- **Task requirements**
Through the last line of the material below, starting at the line with "this 1024×1003 image.", return every line exactly and only those.

- **Extracted records**
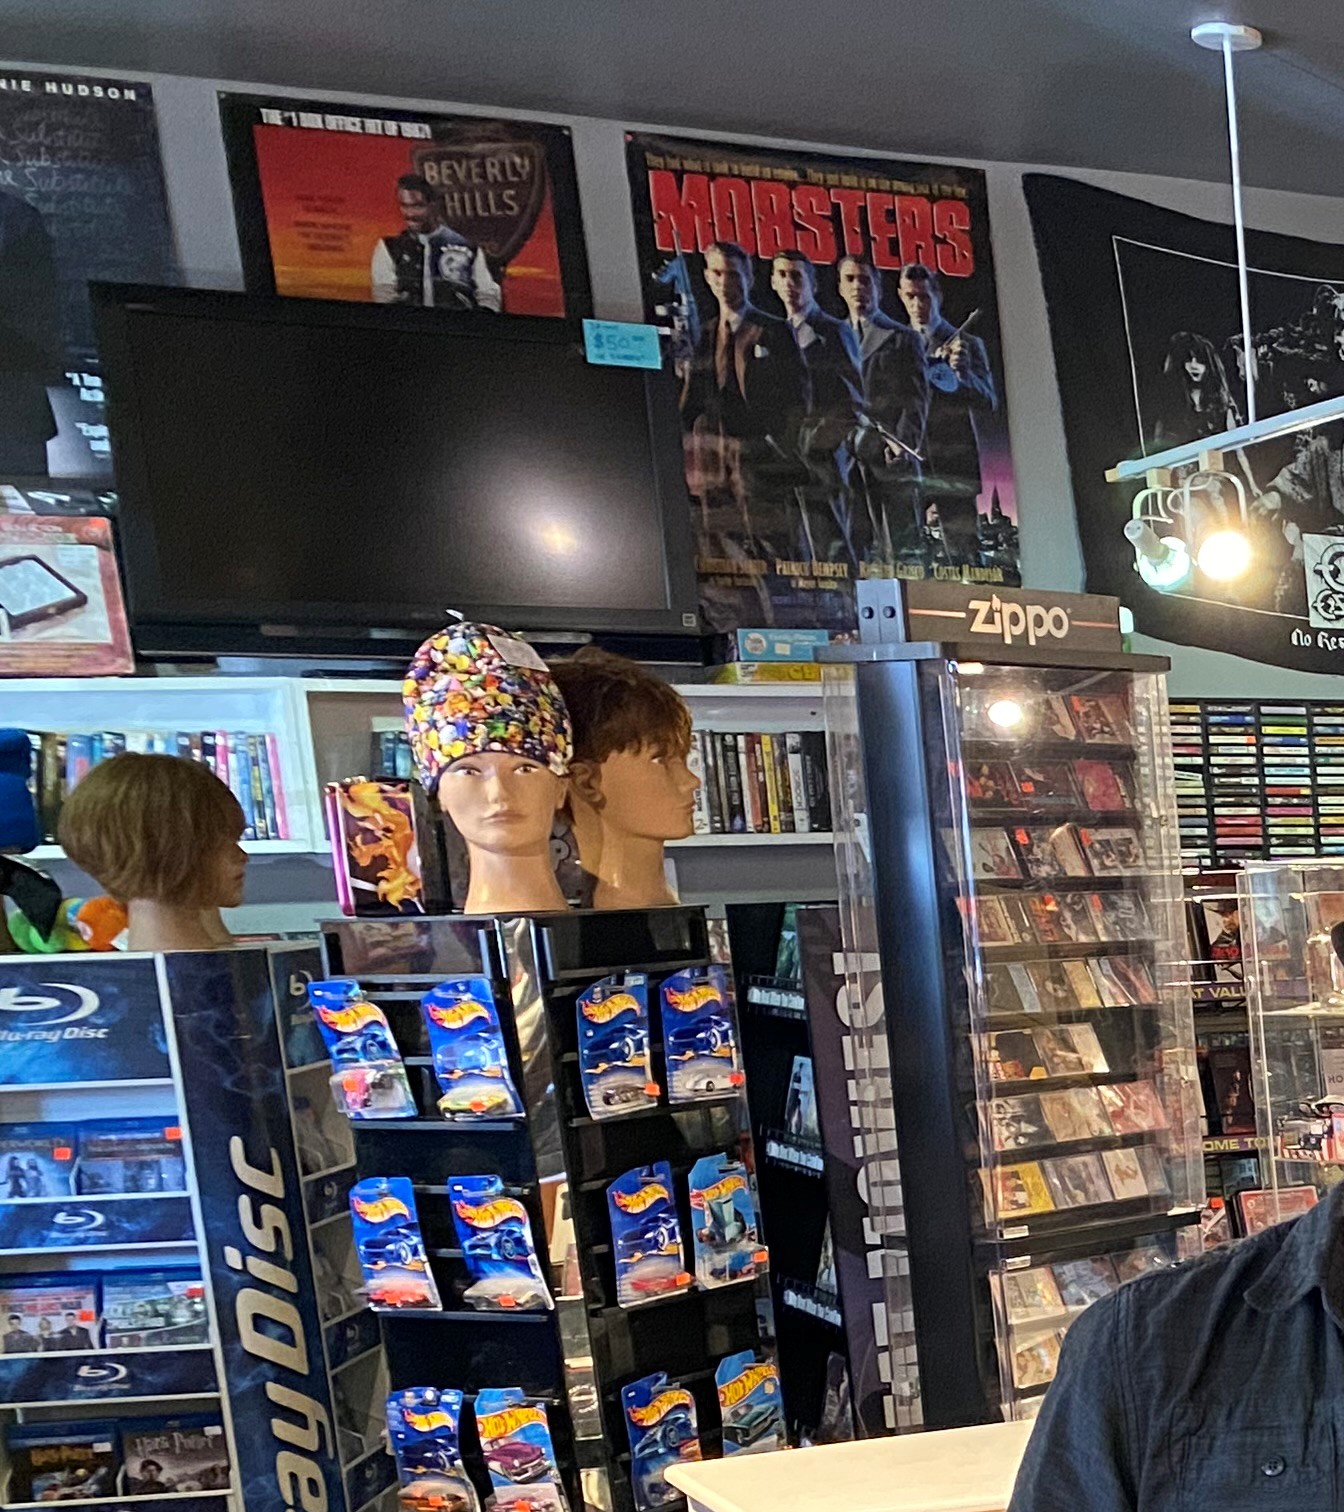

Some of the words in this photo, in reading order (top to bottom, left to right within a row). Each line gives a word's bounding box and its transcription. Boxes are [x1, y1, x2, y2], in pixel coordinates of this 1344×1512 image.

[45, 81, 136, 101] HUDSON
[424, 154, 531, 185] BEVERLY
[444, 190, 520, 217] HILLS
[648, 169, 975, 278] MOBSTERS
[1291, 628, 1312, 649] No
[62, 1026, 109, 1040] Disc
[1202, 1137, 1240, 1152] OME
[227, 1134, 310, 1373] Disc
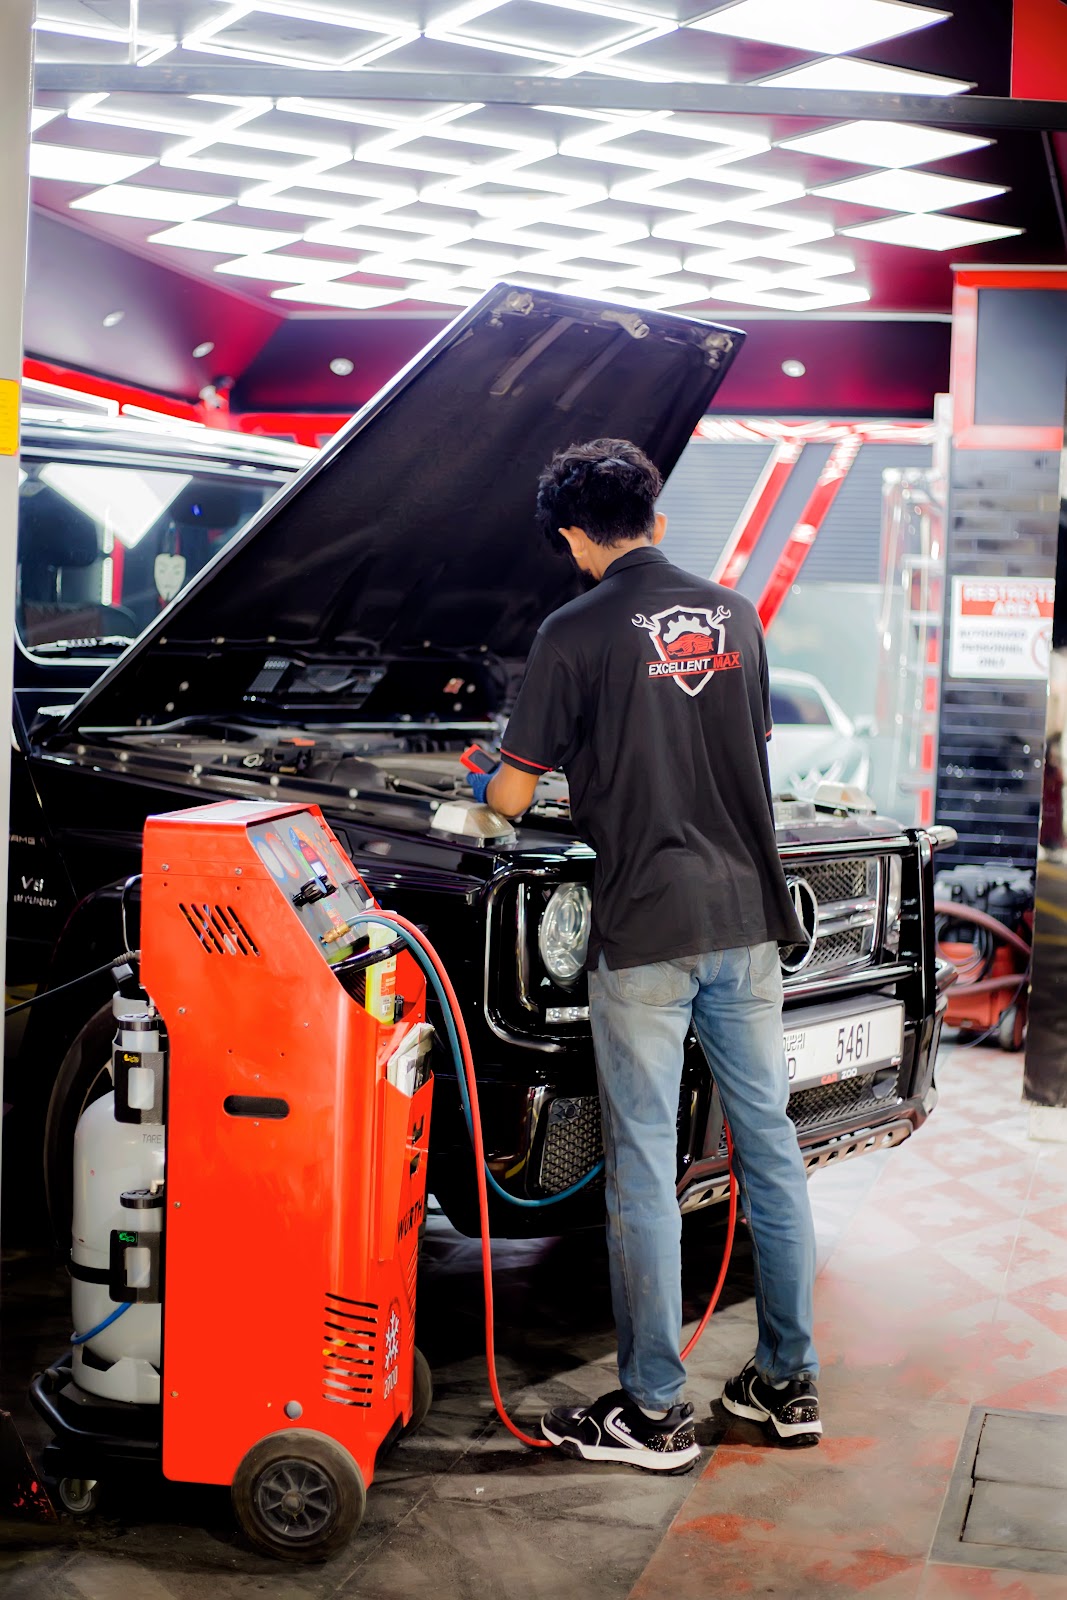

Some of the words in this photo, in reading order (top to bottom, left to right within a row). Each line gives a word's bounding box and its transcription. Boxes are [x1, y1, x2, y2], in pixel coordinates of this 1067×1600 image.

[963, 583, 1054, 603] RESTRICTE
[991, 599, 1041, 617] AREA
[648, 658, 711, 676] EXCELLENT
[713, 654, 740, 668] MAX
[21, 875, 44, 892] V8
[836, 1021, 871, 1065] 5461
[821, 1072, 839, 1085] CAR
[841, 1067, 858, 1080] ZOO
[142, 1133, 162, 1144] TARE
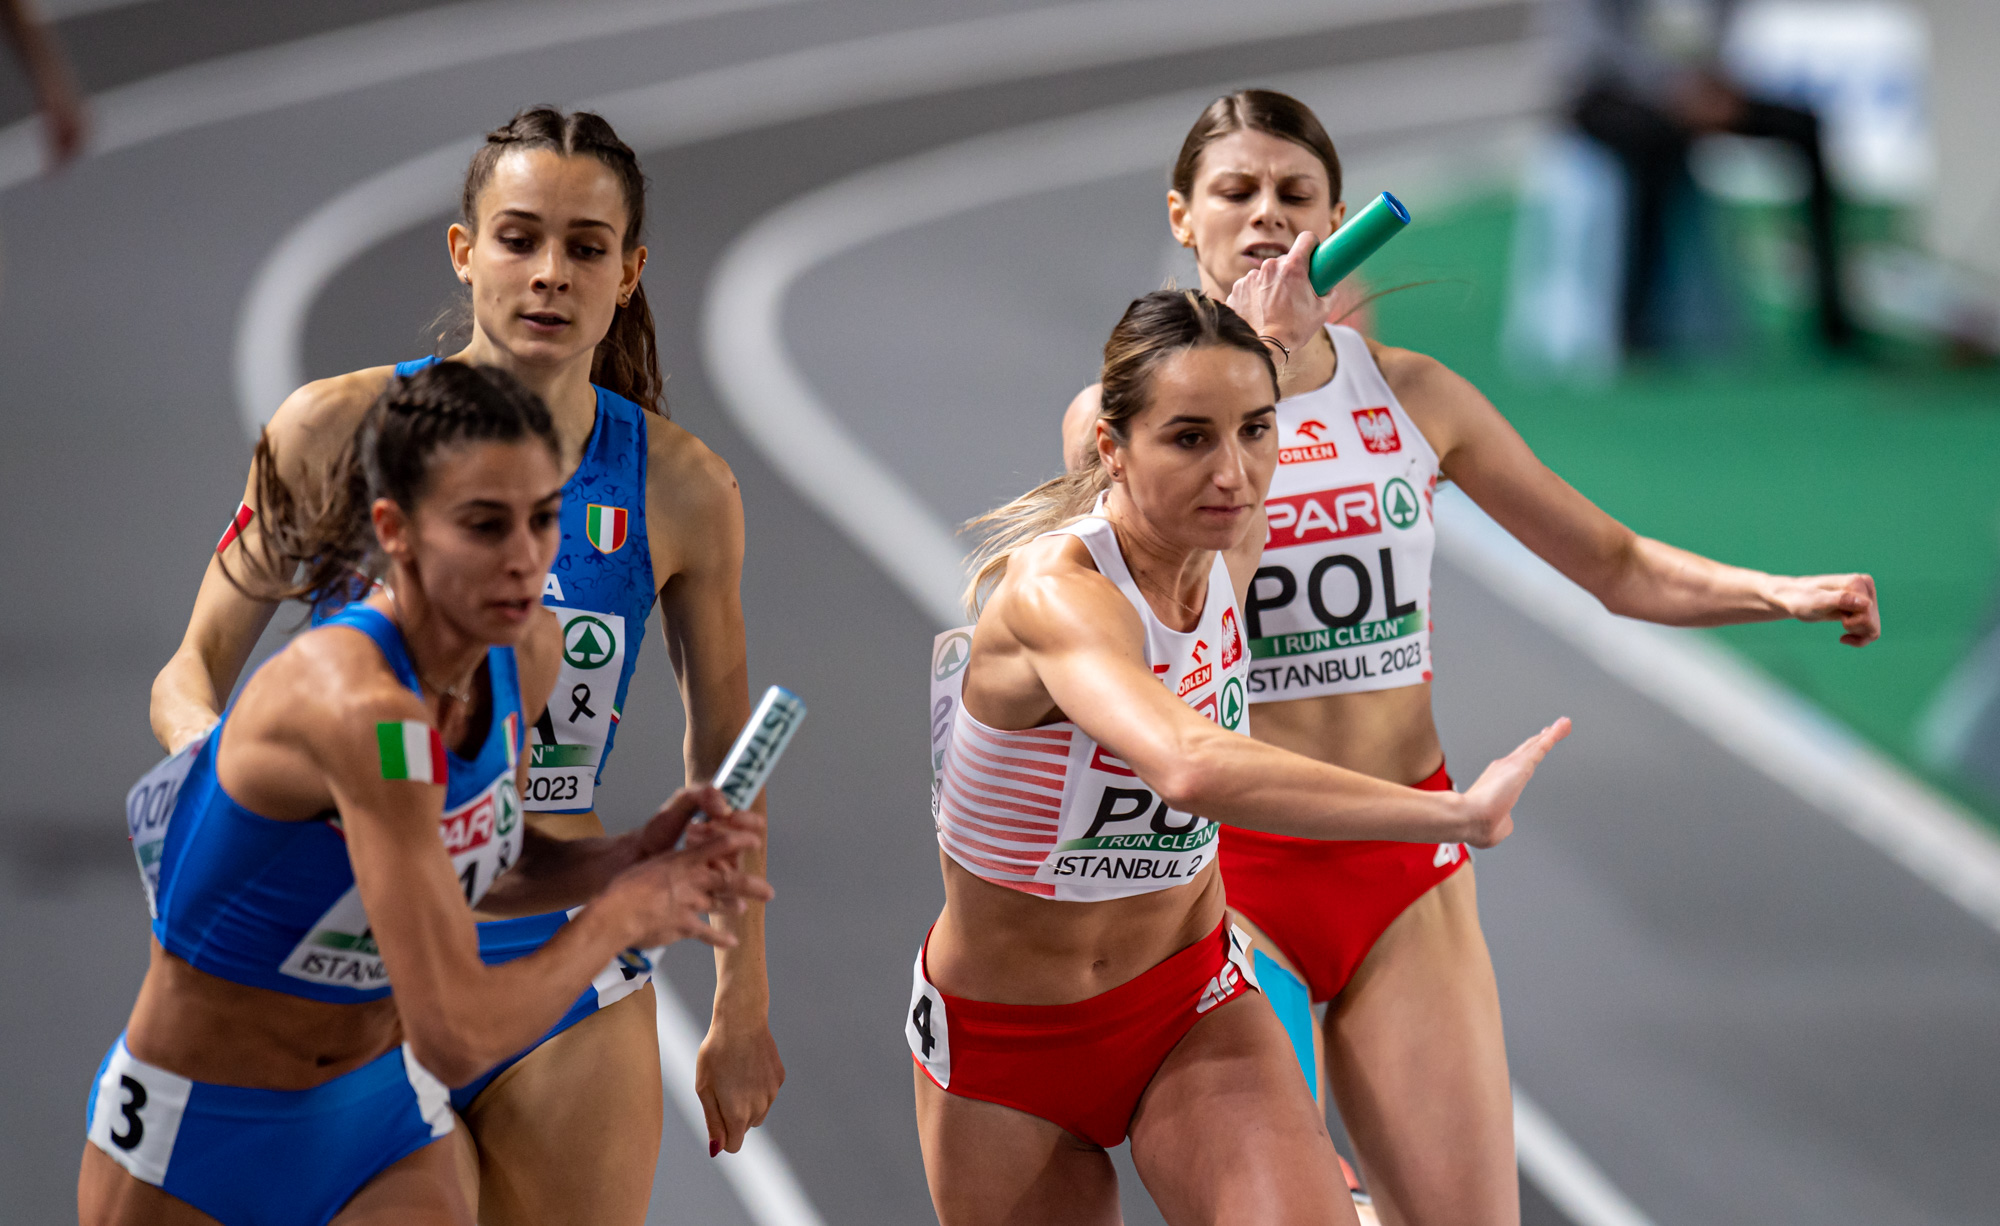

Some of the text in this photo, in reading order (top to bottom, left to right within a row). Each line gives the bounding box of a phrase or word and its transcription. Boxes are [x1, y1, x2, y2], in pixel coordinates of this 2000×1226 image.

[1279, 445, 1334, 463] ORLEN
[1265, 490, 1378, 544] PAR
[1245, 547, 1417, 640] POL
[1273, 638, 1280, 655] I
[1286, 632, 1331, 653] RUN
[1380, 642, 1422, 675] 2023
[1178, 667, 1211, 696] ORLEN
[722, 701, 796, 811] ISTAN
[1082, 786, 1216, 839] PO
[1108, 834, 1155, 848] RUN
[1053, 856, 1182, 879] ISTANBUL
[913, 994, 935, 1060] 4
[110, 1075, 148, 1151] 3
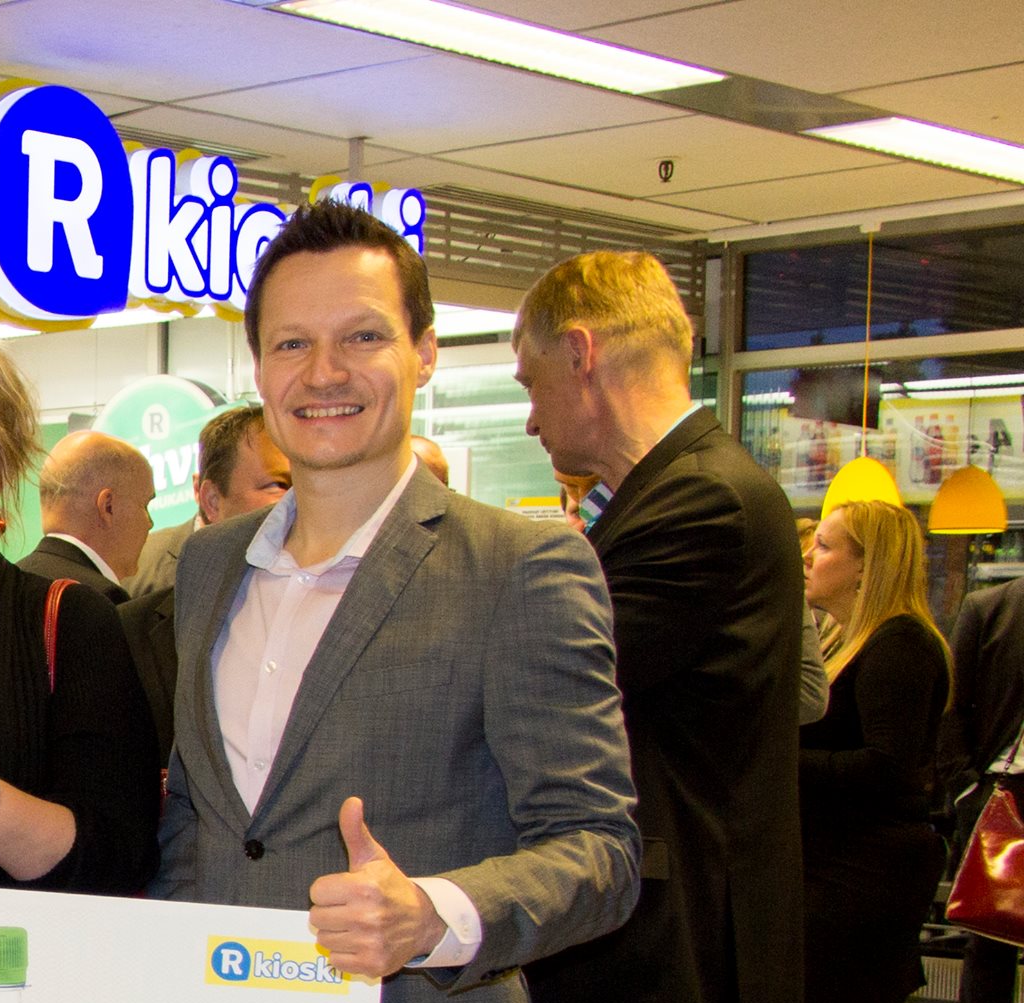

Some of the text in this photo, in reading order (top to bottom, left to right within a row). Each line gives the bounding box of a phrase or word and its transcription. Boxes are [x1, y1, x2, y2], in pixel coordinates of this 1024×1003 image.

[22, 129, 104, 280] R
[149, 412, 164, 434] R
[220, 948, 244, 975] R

- **Solution for this exercise**
Some of the text in this photo, in reading order (top to bottom, left to right within a row). Each line gives the bounding box of a phrase or word and its transcription. Boxes are [x1, y1, x2, y2], in pixel coordinates of this 1024×1003 image.

[22, 129, 104, 280] R
[149, 412, 164, 434] R
[220, 948, 244, 975] R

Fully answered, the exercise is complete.